In the meantime, here we are, old hippy truck complete with magic mushroom woodcuts on the side. People are always mistaking me for a New Ager, can’t think why… We cook on two gas rings (feeding 10 hungry builders is a buzz), enjoy romantic candlelit dinners and have the best of outdoor plumbing — a longdrop and old bath, heated by wood cunningly laid underneath it. What more could a soul want?

Electricity would be good, as would be a filing cabinet, with an office in which to put it. How I miss the simple pleasures of high technological life. But the other evening, as we sat outside (the housetruck is too small to remain inside too long, not being a Tardis) we took particular delight in the evening sky, lit up, it seemed, for us alone.
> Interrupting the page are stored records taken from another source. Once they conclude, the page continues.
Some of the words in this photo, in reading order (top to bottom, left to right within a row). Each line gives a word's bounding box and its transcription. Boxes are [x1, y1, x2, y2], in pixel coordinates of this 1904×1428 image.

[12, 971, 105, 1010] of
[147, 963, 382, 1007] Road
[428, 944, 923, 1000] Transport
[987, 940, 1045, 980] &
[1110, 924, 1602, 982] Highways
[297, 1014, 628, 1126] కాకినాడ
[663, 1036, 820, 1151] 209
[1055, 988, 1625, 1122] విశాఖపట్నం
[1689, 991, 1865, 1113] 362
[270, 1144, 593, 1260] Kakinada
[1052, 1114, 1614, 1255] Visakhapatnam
Gary, a friend who is helping us with our earth moving project, sipped his coffee and proceeded to tell us about the three or four times he’s seen UFOs flitting about of a night. (Having just made our acquaintance, he was not aware of our position on these matters and certainly didn’t expect the Spanish Inquisition, but then who does? Actually, we were gentle with him, plenty of time to reel him in later.) It was the standard fare — bright lights in the sky, moving fast and performing natty tricks at the same time.
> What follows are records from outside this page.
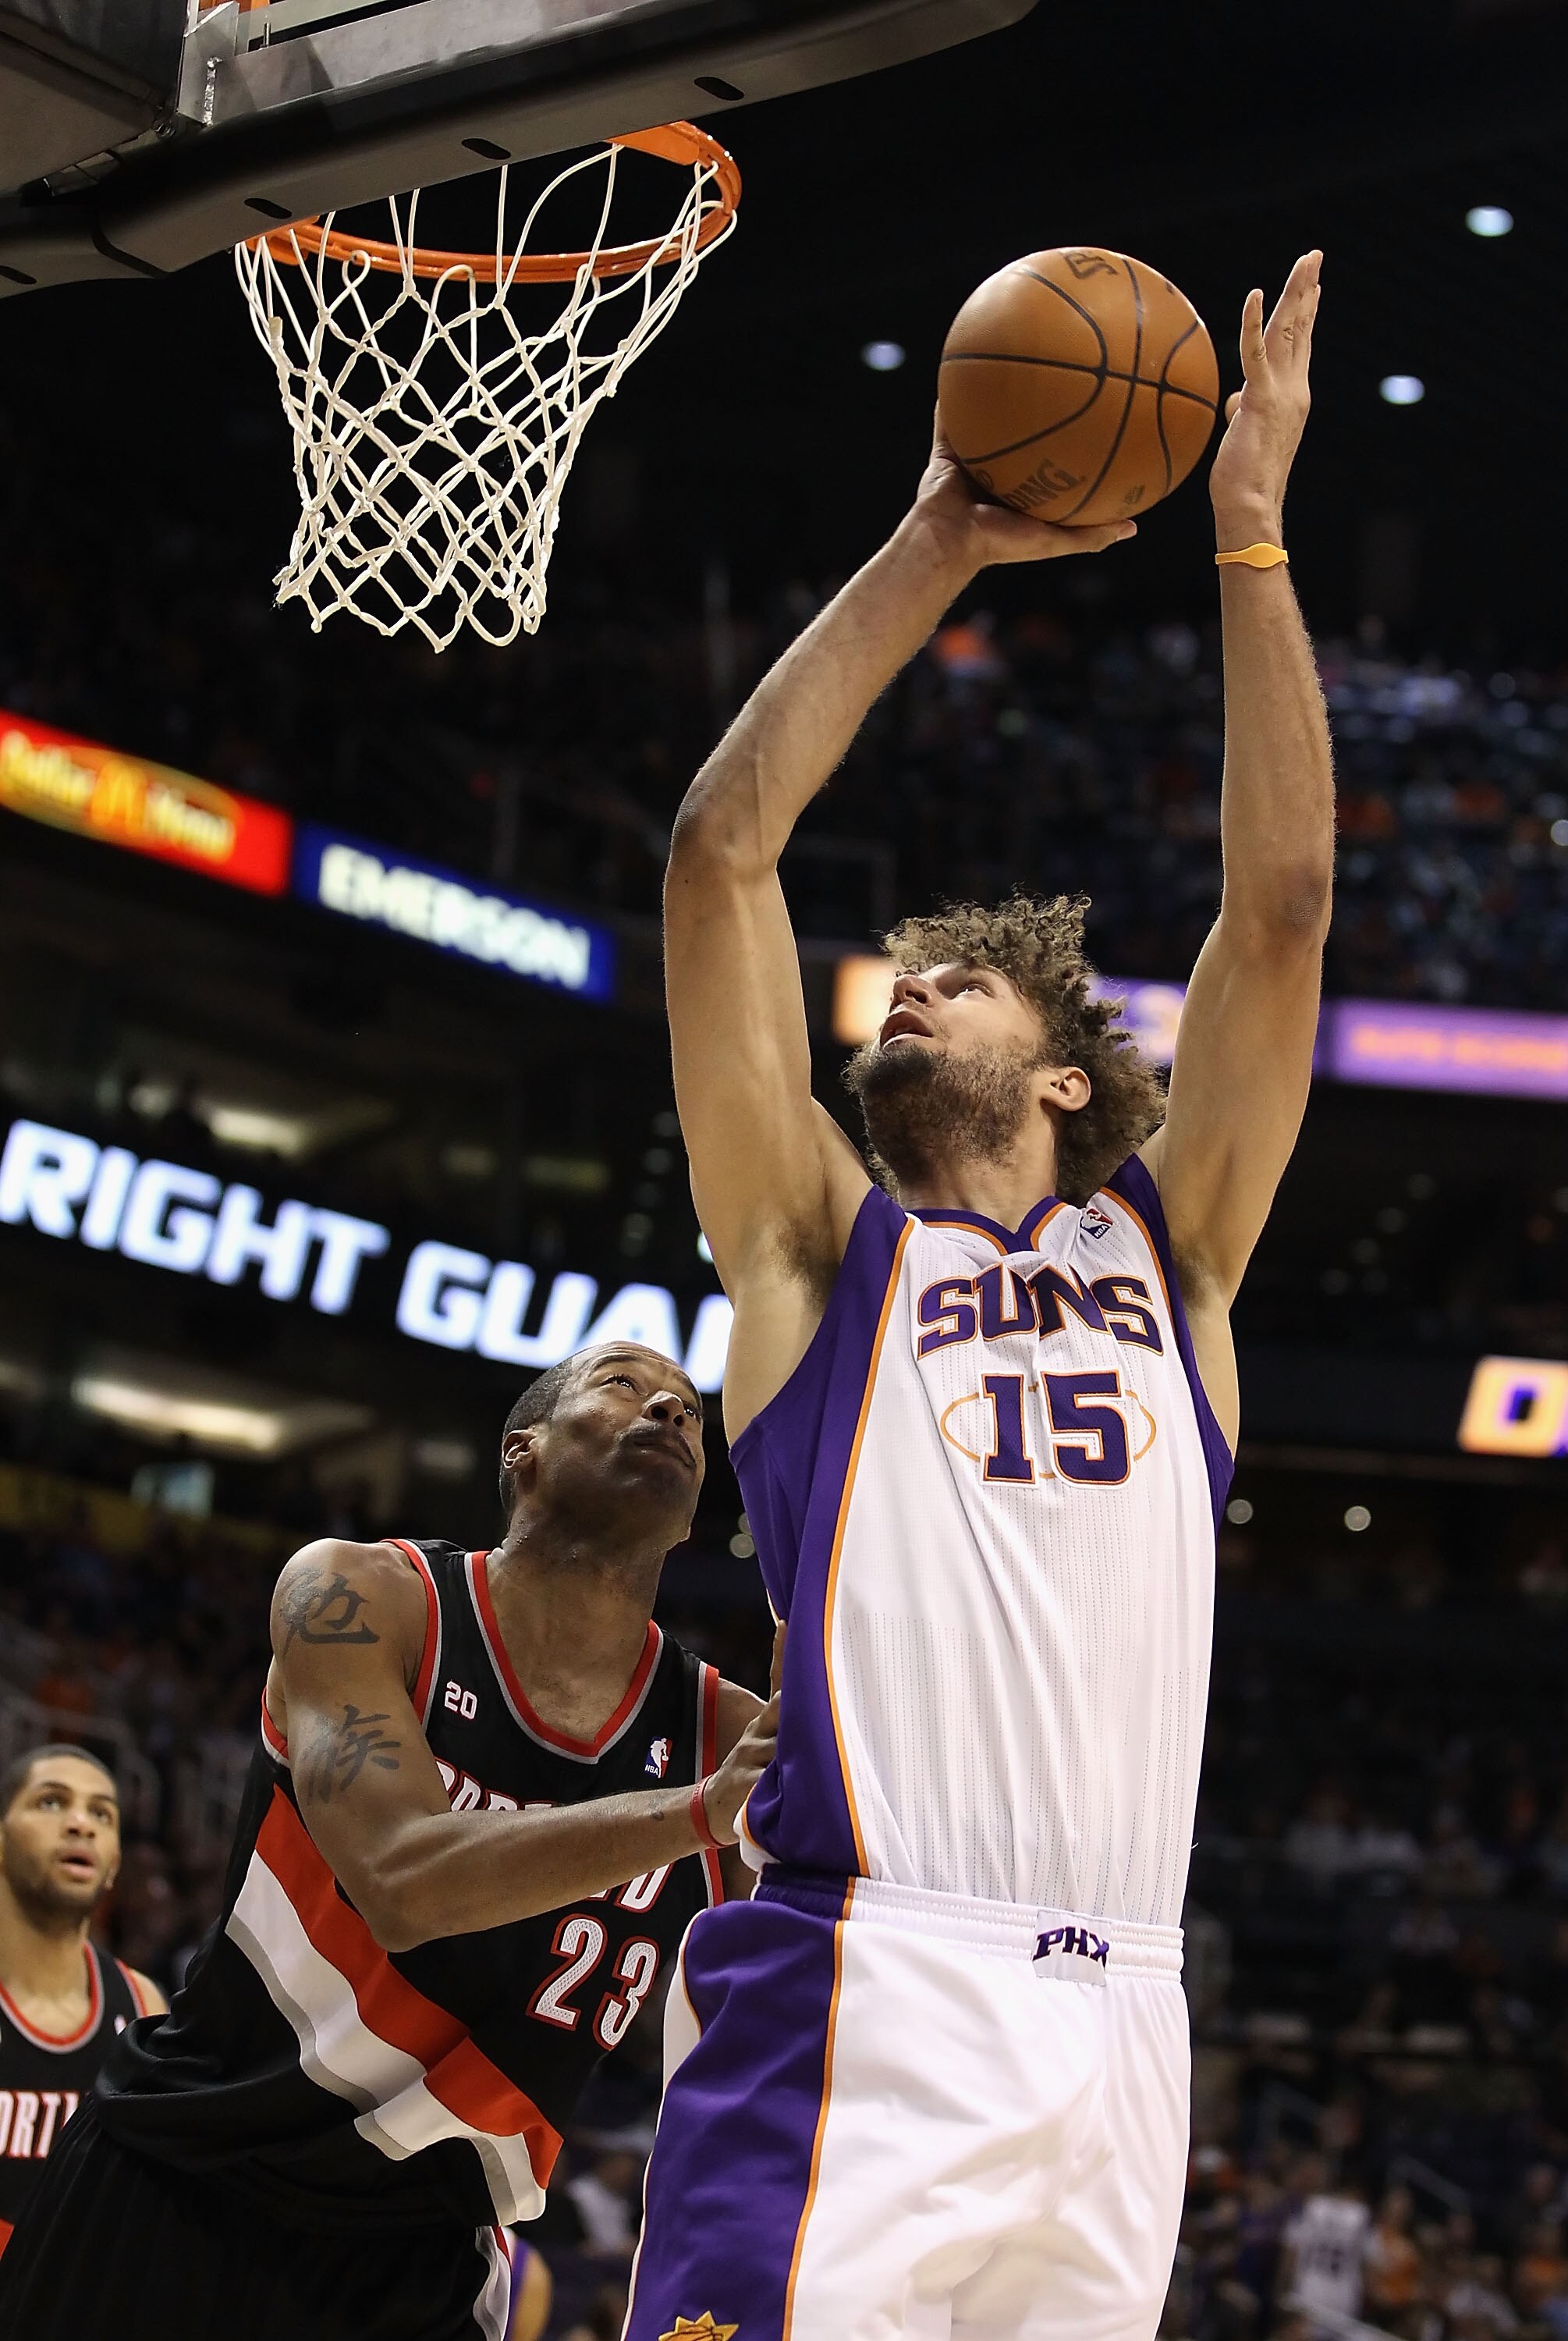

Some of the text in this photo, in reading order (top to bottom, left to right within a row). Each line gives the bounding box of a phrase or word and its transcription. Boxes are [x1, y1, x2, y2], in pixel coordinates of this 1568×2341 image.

[318, 844, 590, 989] EMERSON
[0, 1118, 390, 1315] RIGHT
[917, 1263, 1163, 1360] SUNS
[981, 1370, 1130, 1485] 15
[444, 1680, 477, 1720] 20
[644, 1764, 659, 1776] NBA
[526, 1913, 660, 2051] 23
[1032, 1926, 1109, 1968] PHX
Having read Robert Bartholomew’s excellent article, “The Great Zeppelin Scare of 1909”, I could have referred to the autokinetic effect, an illusion discovered way back when UFOs were not trendy. Simply, in a dark environment (being outside at night qualifies) a single point of light can appear to move about, when in fact it’s nailed to its perch, as it were. There are also issues of cultural and personal expectation to take into account as well.
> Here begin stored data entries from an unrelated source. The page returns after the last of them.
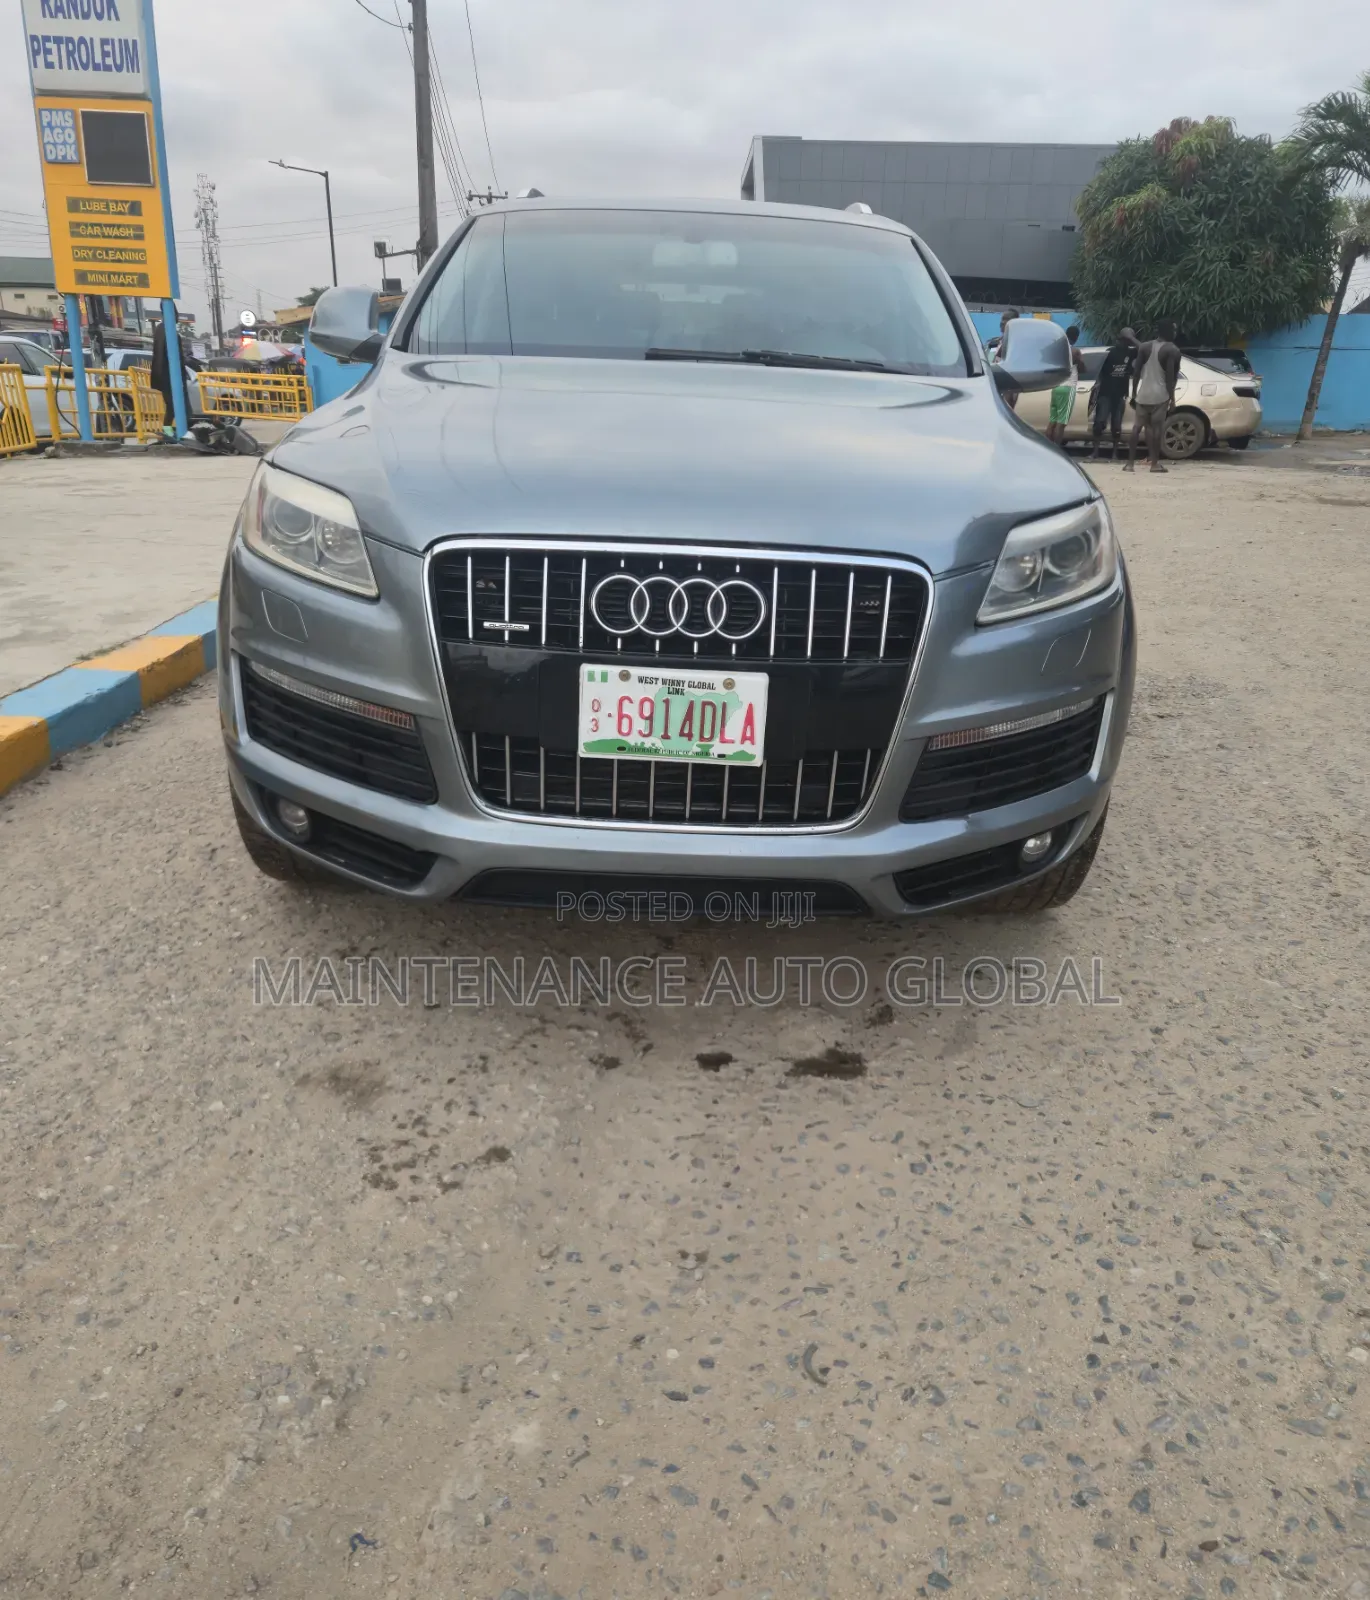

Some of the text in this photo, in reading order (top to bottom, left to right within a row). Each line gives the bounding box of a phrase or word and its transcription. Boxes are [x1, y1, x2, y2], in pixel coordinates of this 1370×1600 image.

[29, 34, 140, 73] PETROLEUM
[41, 110, 73, 127] PMS
[43, 127, 76, 143] AGO
[46, 143, 77, 160] DPK
[80, 201, 130, 212] LUBE BAY
[79, 225, 133, 237] CAR WASH
[73, 249, 146, 261] DRY CLEANING
[87, 273, 138, 284] MINI MART
[637, 675, 716, 690] WEST WINNY GLOBAL
[667, 686, 685, 696] LINK
I experienced this effect myself years ago, when for some reason I was staring at a blob of paint on a wall with my brother, who agreed with me that the blob was moving. With the same brother, on a night-time trip from Auckland to Gisborne, we stopped and watched a UFO doing loop-the-loops before zapping off to battle some Klingons. My brother being 10 years older than myself, and therefore one would expect, the wiser, was utterly convinced it was an alien spacecraft. But then he was smoking a lot of hooch back then; this was before he became a lawyer.

Not being unkind, what we have here is good, old-fashioned, lazy thinking. It’s a case of grabbing the first, wobbly, seriously dodgy explanation one can cobble (“a ghost must have made me drop it”) and running with it. People do this so often, and convince themselves so thoroughly, that it can be quite frustrating to the earnest skeptic. Gary had done this, my brother excelled at it and countless others as well. It hurts to use your brain. It’s tedious to search for alternative, more plausible answers.

In the meantime, we’re still in our little housetruck and trying to maintain a totally open mind about when our house is to be ready. Who knows, we might have a filing cabinet and flushing toilet by the winter solstice. And manage to get out another issue of the Skeptic.